🤖 AI Summary
This study systematically evaluates the accuracy–efficiency trade-offs of dense and mixture-of-experts (MoE) language models under realistic inference constraints. Through controlled experiments on seven state-of-the-art instruction-tuned models across four benchmarks and three prompting strategies—zero-shot, chain-of-thought, and few-shot chain-of-thought—the authors measure end-to-end performance in terms of accuracy, latency, GPU memory consumption, and FLOPs per token.

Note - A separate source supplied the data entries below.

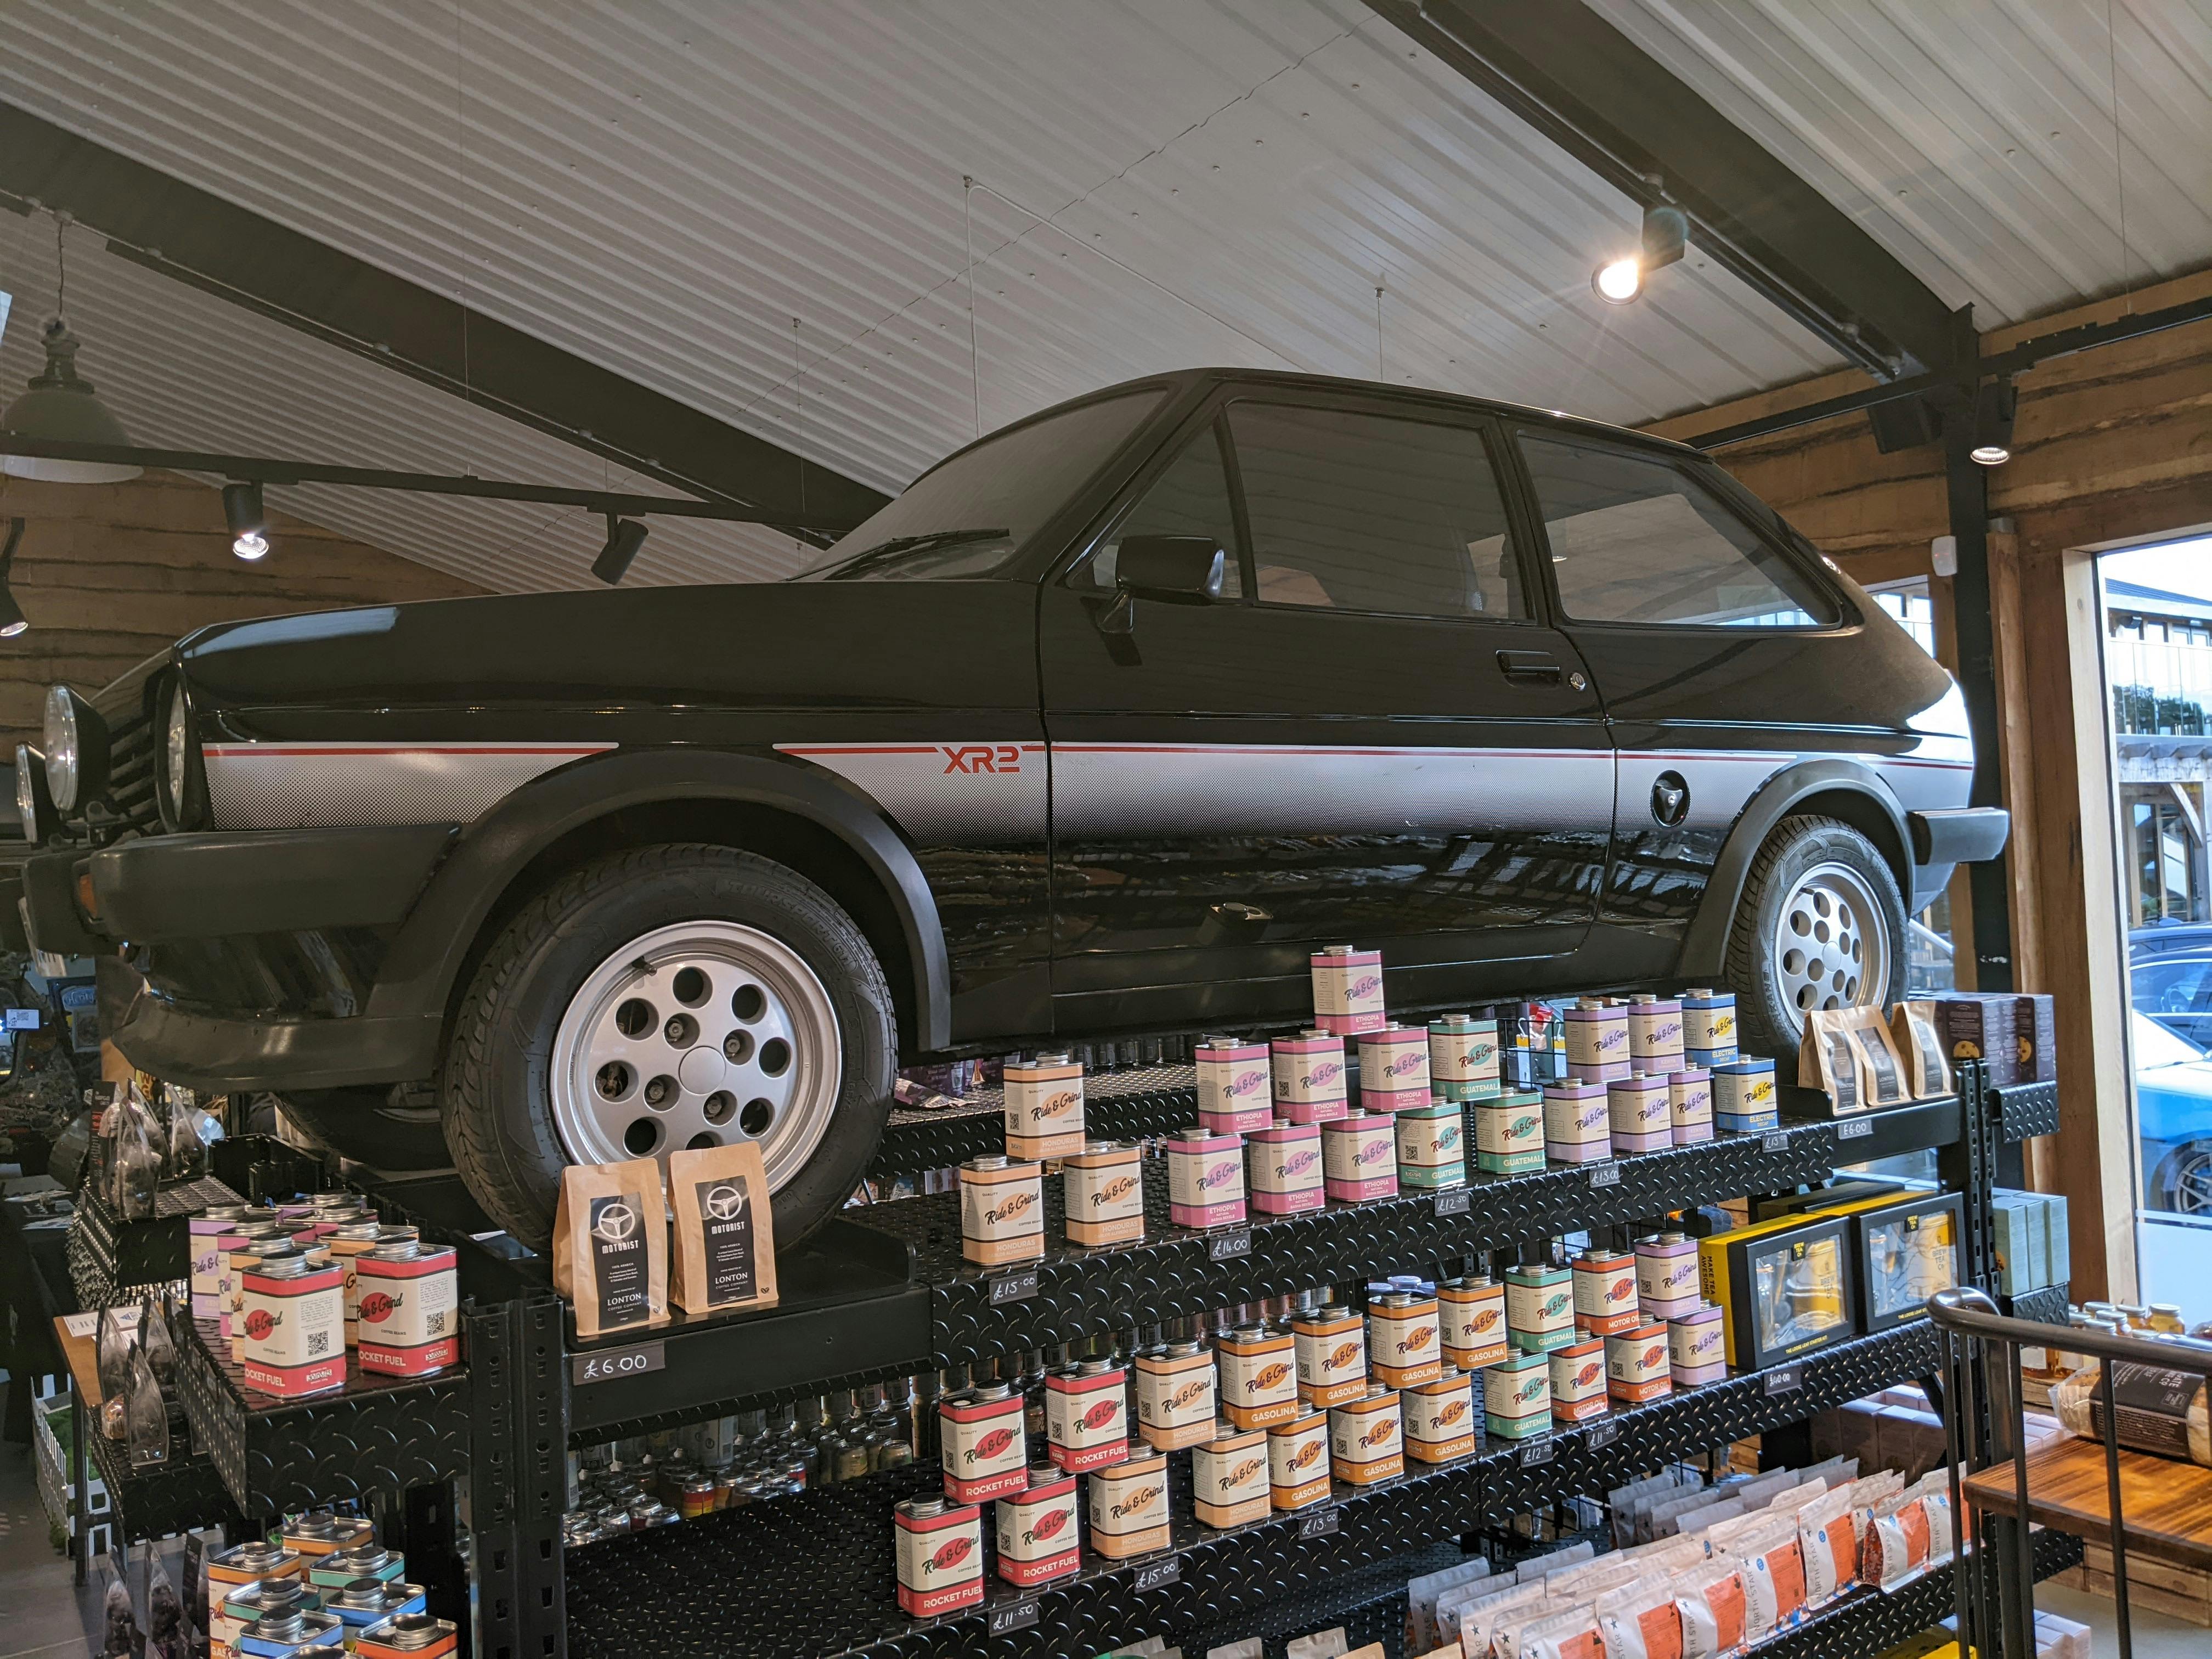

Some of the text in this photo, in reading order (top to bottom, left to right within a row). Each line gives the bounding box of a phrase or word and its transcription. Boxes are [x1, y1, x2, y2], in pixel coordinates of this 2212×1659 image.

[941, 746, 1020, 774] XR2
[1712, 1049, 1736, 1059] ELECTRIC
[1031, 1088, 1082, 1121] Ride & Grind
[1313, 1103, 1339, 1111] ETHIOPIA
[1236, 1113, 1262, 1122] ETHIOPIA
[1749, 1113, 1776, 1124] ELECTRIC
[1843, 1122, 1866, 1135] £6.00
[1042, 1137, 1079, 1147] HONDURAS
[1276, 1147, 1320, 1179] Ride & Grind
[1364, 1180, 1389, 1189] ETHIOPIA
[1288, 1192, 1314, 1201] ETHIOPIA
[1437, 1196, 1466, 1212] £12.50
[985, 1188, 1040, 1225] Ride & Grind
[1209, 1204, 1236, 1214] ETHIOPIA
[712, 1221, 745, 1235] MOTORIST
[1102, 1221, 1138, 1233] HONDURAS
[602, 1240, 639, 1254] MOTORIST
[996, 1239, 1036, 1251] HONDURAS
[1212, 1240, 1248, 1257] £14.00
[715, 1272, 748, 1284] LONTON
[1662, 1275, 1678, 1289] Ride
[1701, 1255, 1709, 1295] AWESOME
[994, 1277, 1035, 1301] £15.00
[607, 1293, 641, 1306] LONTON
[1462, 1307, 1503, 1336] Ride & Grind
[1608, 1318, 1630, 1329] MOTOR
[359, 1351, 407, 1367] OCKET FUEL
[1467, 1347, 1504, 1363] GASOLINA
[584, 1355, 647, 1379] £6.00
[1401, 1366, 1439, 1382] GASOLINA
[246, 1369, 286, 1387] OCKET FUEL
[1245, 1358, 1294, 1394] Ride & Grind
[1161, 1375, 1211, 1413] Ride & Grind
[1327, 1383, 1365, 1400] GASOLINA
[1639, 1385, 1658, 1396] MOTOR
[1073, 1395, 1124, 1435] Ride & Grind
[1251, 1408, 1296, 1423] GASOLINA
[1173, 1425, 1208, 1438] HONDURAS
[1589, 1425, 1614, 1447] £11.50
[964, 1422, 1022, 1465] Ride & Grind
[1435, 1440, 1472, 1457] GASOLINA
[1075, 1447, 1127, 1465] ROCKET FUEL
[1523, 1444, 1551, 1463] £12.50
[1363, 1460, 1402, 1477] GASOLINA
[966, 1476, 1025, 1497] ROCKET FUEL
[1291, 1482, 1328, 1501] GASOLINA
[1110, 1481, 1165, 1520] Ride & Grind
[1229, 1502, 1265, 1515] HONDURAS
[1022, 1506, 1075, 1546] Ride & Grind
[1302, 1514, 1336, 1535] £13.00
[1122, 1532, 1161, 1545] HONDURAS
[922, 1530, 980, 1575] Ride & Grind
[1023, 1556, 1078, 1578] ROCKET FUEL
[1136, 1563, 1176, 1589] £15.00
[923, 1585, 983, 1608] ROCKET FUEL
[1746, 1570, 1759, 1632] NORTH STAR
[994, 1605, 1033, 1630] £11.50

The findings reveal that sparse activation does not universally yield optimal real-world performance; rather, the accuracy–efficiency balance is highly sensitive to the interplay among model architecture, prompting method, and task type. The work introduces a reproducible, deployment-oriented evaluation framework and identifies Gemma-2-4B as the best-performing model overall in weighted multitask settings, achieving an accuracy of 0.675 with 14.9 GB of GPU memory usage.
📝 Abstract
Mixture-of-experts (MoE) language models are often expected to offer better quality-efficiency tradeoffs than dense models because only a subset of parameters is activated per token, but the practical value of that advantage depends on end-to-end behavior under realistic inference constraints. We present a controlled empirical benchmark of seven recent reasoning-oriented instruction-tuned models spanning dense and MoE designs, namely Gemma-4-E2B, Gemma-4-E4B, Gemma-4-26B-A4B, Phi-4-mini-reasoning, Phi-4-reasoning, Qwen3-8B, and Qwen3-30B-A3B, evaluated on four benchmarks -- ARC-Challenge, GSM8K, Math Level 1-3, and TruthfulQA MC1 -- under three prompting strategies: zero-shot, chain-of-thought, and few-shot chain-of-thought. The study covers 8,400 total model-dataset-prompt evaluations and records accuracy, latency, peak GPU memory usage (VRAM), and an approximate floating-point operations (FLOPs)-per-token proxy. Across the weighted multi-task summary, Gemma-4-E4B with few-shot chain-of-thought achieved the best overall result, reaching weighted accuracy 0.675 with mean VRAM 14.9 GB, while Gemma-4-26B-A4B was close in accuracy at 0.663 but substantially more memory intensive at 48.1 GB. At the task level, Gemma models dominated ARC and Math, Phi models were strongest on TruthfulQA, and GSM8K showed the largest prompt sensitivity, including a sharp drop for Phi-4-reasoning from 0.67 under chain-of-thought to 0.11 under few-shot chain-of-thought. These results show that sparse activation alone does not guarantee the best practical operating point: observed accuracy-efficiency tradeoffs depend jointly on architecture, prompting protocol, and task composition. We release a reproducible benchmark pipeline, aggregated results, and paired statistical analyses to support deployment-oriented evaluation of reasoning LLMs under real resource constraints.